» **PROVIDED RECORDS**:
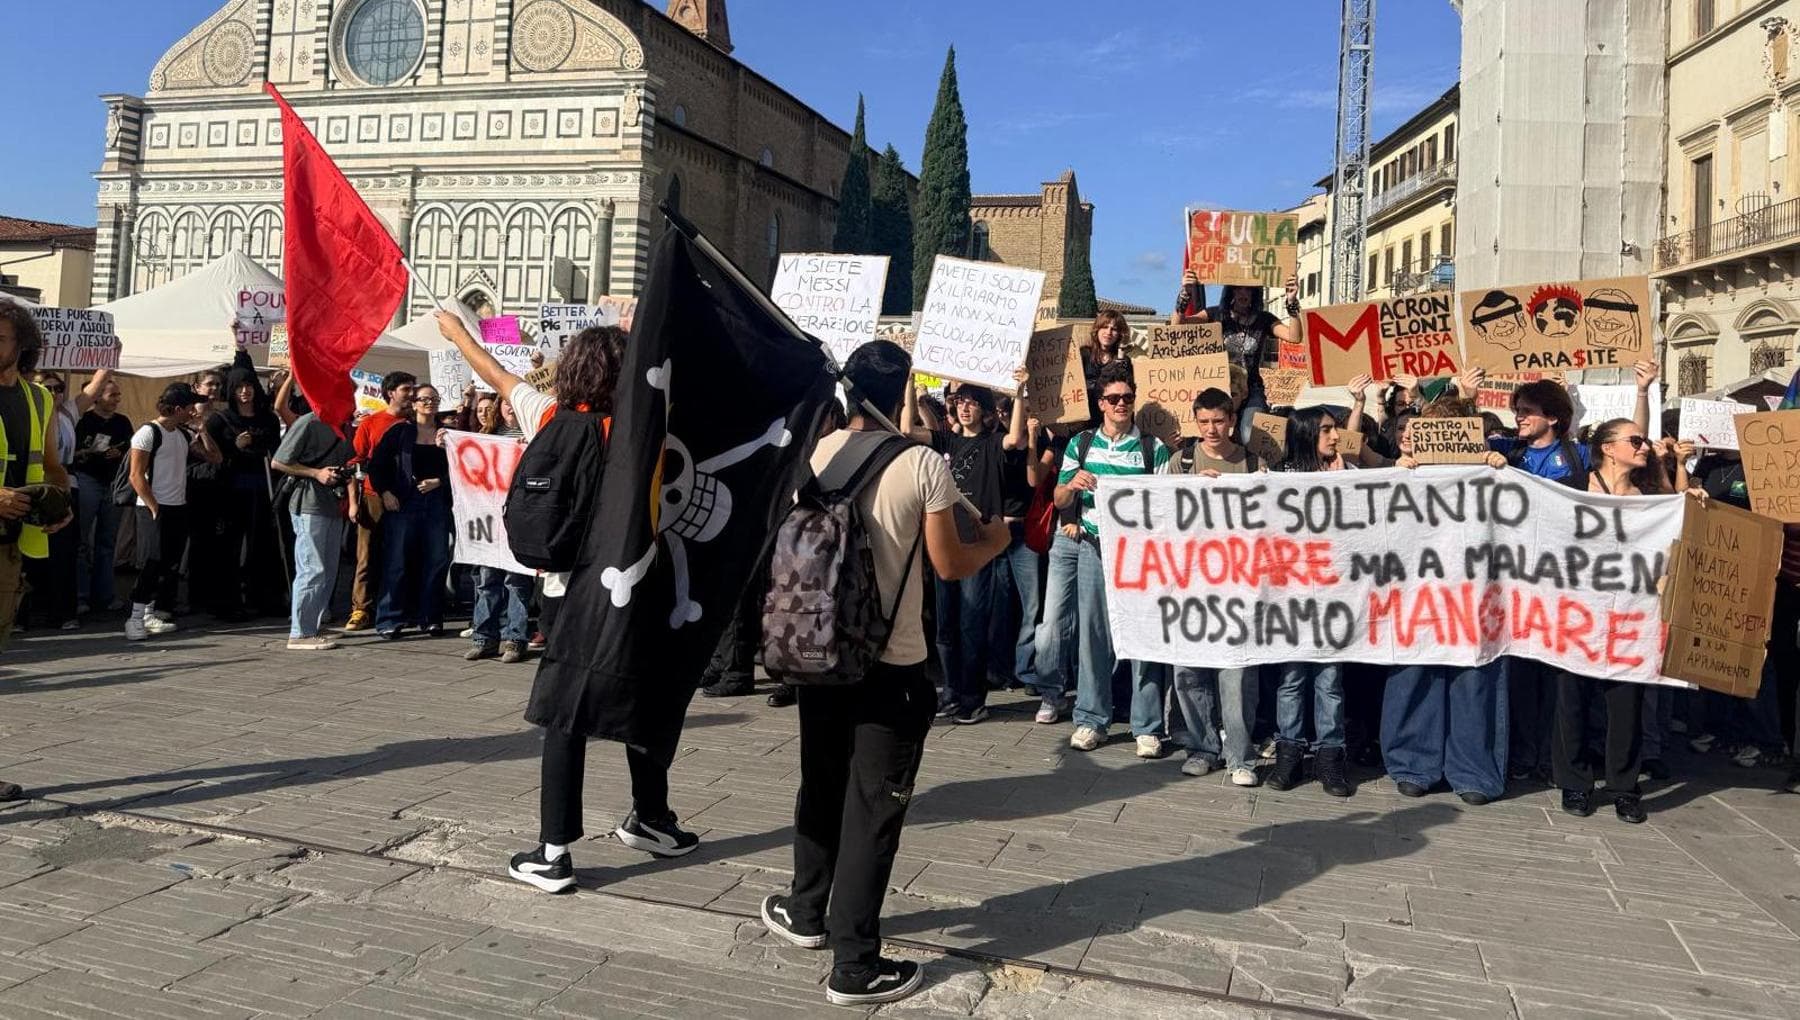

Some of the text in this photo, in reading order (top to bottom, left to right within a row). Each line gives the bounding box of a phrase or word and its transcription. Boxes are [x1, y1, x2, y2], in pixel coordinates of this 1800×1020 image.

[1193, 211, 1297, 246] SCUOLA
[782, 257, 863, 275] VI SIETE
[798, 275, 851, 293] MESSI
[936, 262, 978, 282] AVETE
[988, 273, 1036, 296] SOLDI
[776, 291, 873, 314] CONTRO LA
[963, 286, 1018, 311] RIARMO
[67, 309, 93, 321] PURE
[541, 305, 604, 319] BETTER A
[928, 302, 947, 317] MA
[951, 305, 980, 321] NON
[998, 317, 1017, 329] LA
[57, 333, 71, 347] LO
[76, 334, 114, 348] STESSO
[540, 336, 551, 348] A
[1153, 326, 1213, 346] Rigurgito
[1394, 332, 1454, 352] STESSA
[919, 342, 1017, 375] VERGOGNA
[1513, 349, 1619, 370] PARA$ITE
[1148, 365, 1226, 385] FONDI ALLE
[1412, 421, 1480, 430] CONTRO IL
[1412, 431, 1470, 443] SISTEMA
[1414, 442, 1485, 454] AUTORITARIO
[1752, 452, 1780, 471] LA
[1752, 477, 1774, 491] LA
[1108, 477, 1627, 543] CI DITE SOLTANTO DI
[467, 513, 495, 544] IN
[1705, 524, 1740, 551] UNA
[1113, 536, 1665, 595] LAVORARE MA A MALAPEN
[1686, 547, 1740, 584] MALATTIA
[1692, 576, 1749, 605] MORTALE
[1157, 594, 1355, 650] POSSIAMO
[1690, 601, 1767, 632] NON ASPETTA
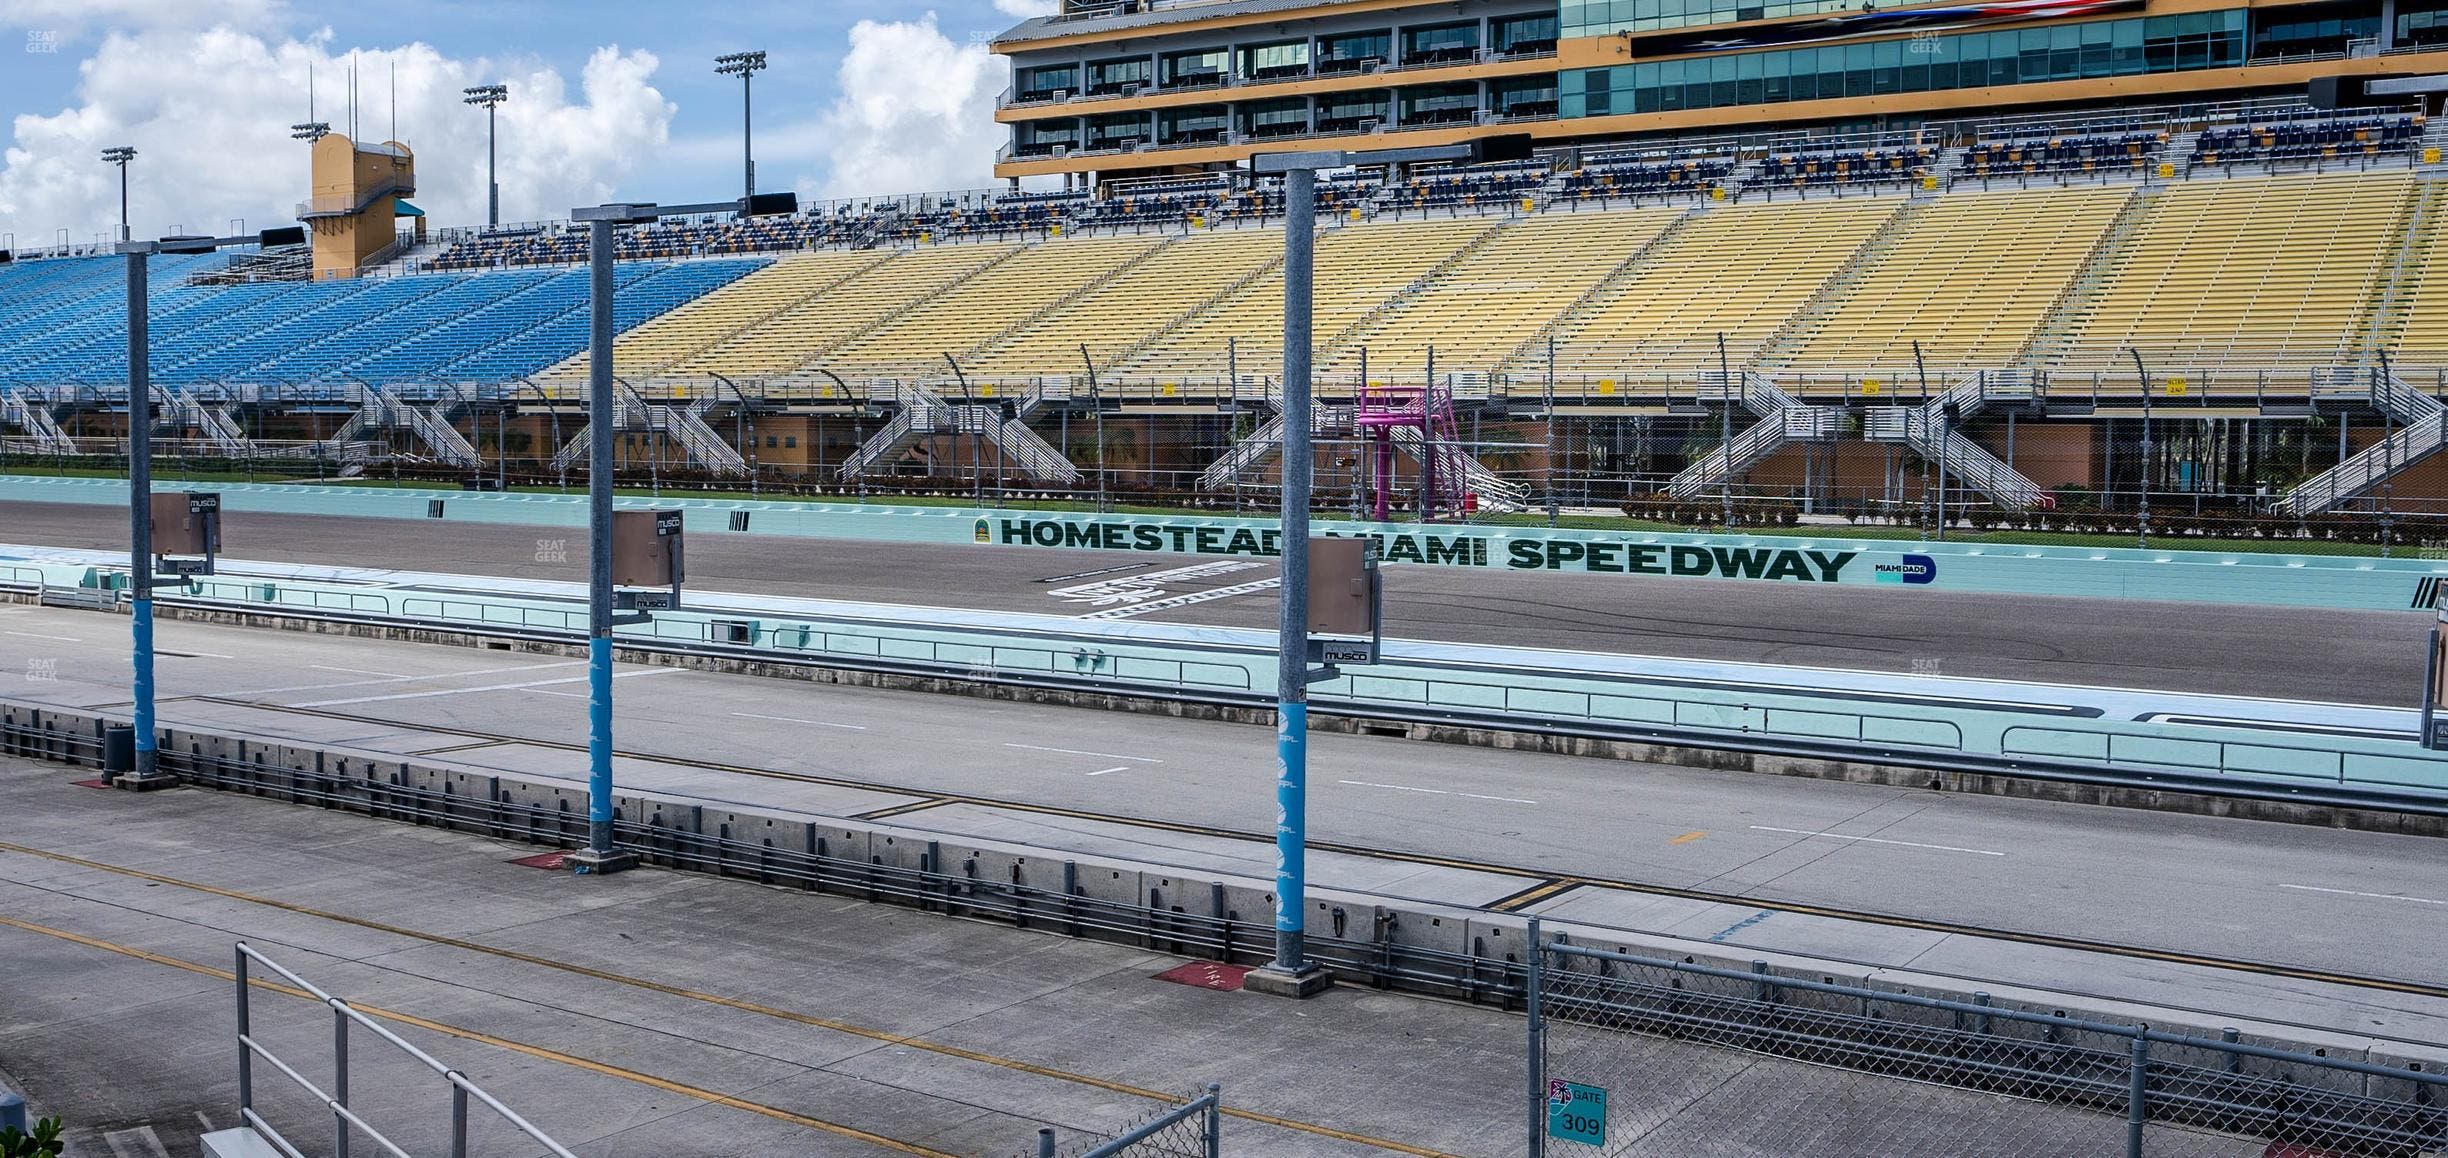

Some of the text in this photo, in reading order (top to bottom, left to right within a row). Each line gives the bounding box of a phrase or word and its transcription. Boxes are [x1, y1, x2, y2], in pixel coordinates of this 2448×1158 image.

[190, 498, 216, 507] musco
[657, 518, 680, 528] musco
[1508, 538, 1857, 583] SPEEDWAY
[637, 600, 668, 608] musco
[1325, 651, 1367, 661] musco
[1573, 1089, 1602, 1104] GATE
[1562, 1113, 1600, 1136] 309
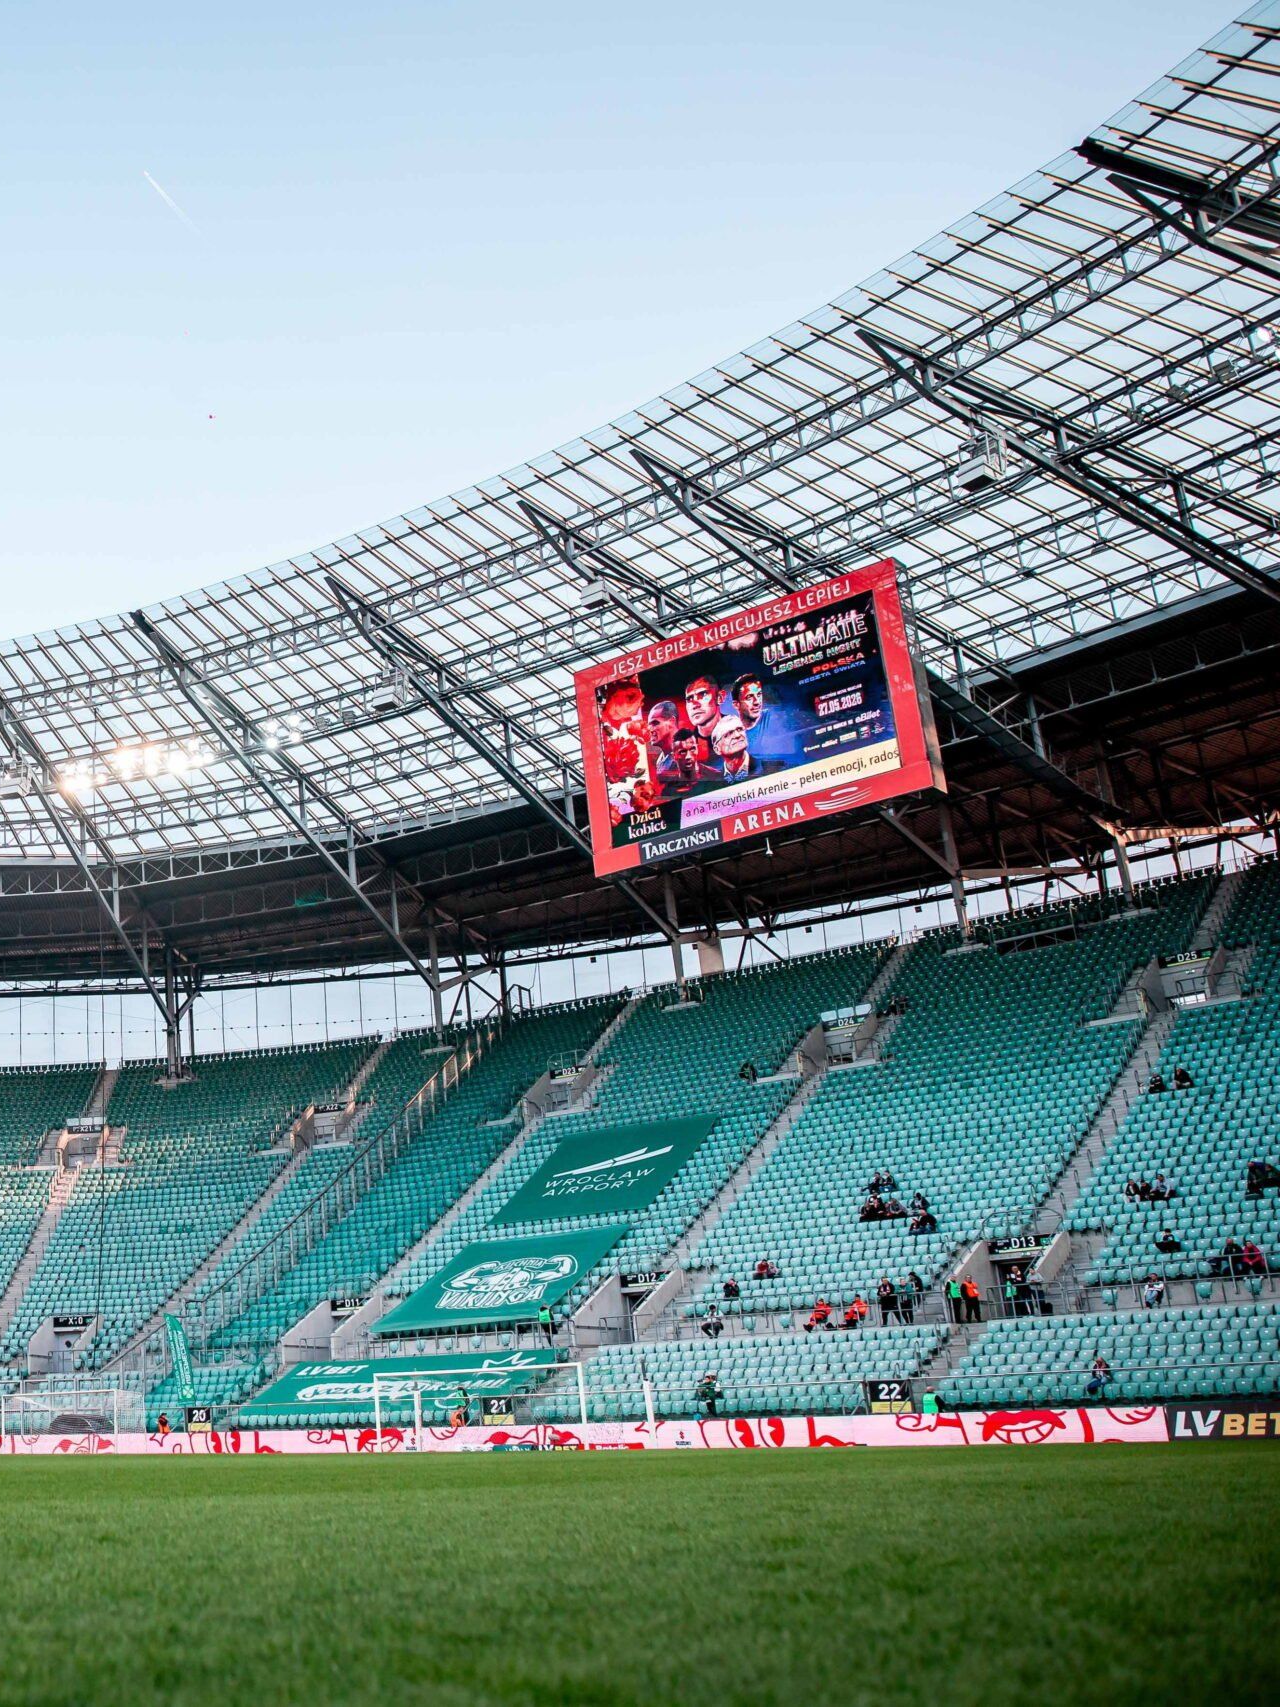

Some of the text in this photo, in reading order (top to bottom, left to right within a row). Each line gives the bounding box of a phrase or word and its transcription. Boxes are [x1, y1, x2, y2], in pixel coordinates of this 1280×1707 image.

[609, 579, 851, 678] JESZ LEPIEJ, KIBICUJESZ LEPIEJ
[762, 613, 868, 666] ULTIMATE
[772, 639, 861, 675] LEGENDS NIGHT
[812, 652, 865, 673] POLSKA
[693, 805, 705, 815] na
[706, 788, 756, 812] Tarczyński
[757, 781, 790, 799] Arenie
[799, 770, 828, 788] pełen
[830, 758, 868, 779] emocji,
[642, 801, 806, 860] TARCZYŃSKI ARENA
[1176, 951, 1197, 963] D25
[838, 1017, 854, 1027] D24
[562, 1066, 576, 1076] D23
[542, 1179, 639, 1197] AIRPORT
[1010, 1236, 1036, 1249] D13
[637, 1272, 657, 1283] D12
[344, 1298, 360, 1308] D11
[878, 1383, 902, 1400] 22
[489, 1399, 507, 1413] 21
[192, 1409, 206, 1422] 20

» **TASK GOAL**: Through the last line of the entries above, beginning at the line containing "this 1280×1707 image.", transcribe each line exactly, both ends included and nothing more.

» **RESPONSE BELOW**:
Some of the text in this photo, in reading order (top to bottom, left to right within a row). Each line gives the bounding box of a phrase or word and its transcription. Boxes are [x1, y1, x2, y2], in pixel coordinates of this 1280×1707 image.

[609, 579, 851, 678] JESZ LEPIEJ, KIBICUJESZ LEPIEJ
[762, 613, 868, 666] ULTIMATE
[772, 639, 861, 675] LEGENDS NIGHT
[812, 652, 865, 673] POLSKA
[693, 805, 705, 815] na
[706, 788, 756, 812] Tarczyński
[757, 781, 790, 799] Arenie
[799, 770, 828, 788] pełen
[830, 758, 868, 779] emocji,
[642, 801, 806, 860] TARCZYŃSKI ARENA
[1176, 951, 1197, 963] D25
[838, 1017, 854, 1027] D24
[562, 1066, 576, 1076] D23
[542, 1179, 639, 1197] AIRPORT
[1010, 1236, 1036, 1249] D13
[637, 1272, 657, 1283] D12
[344, 1298, 360, 1308] D11
[878, 1383, 902, 1400] 22
[489, 1399, 507, 1413] 21
[192, 1409, 206, 1422] 20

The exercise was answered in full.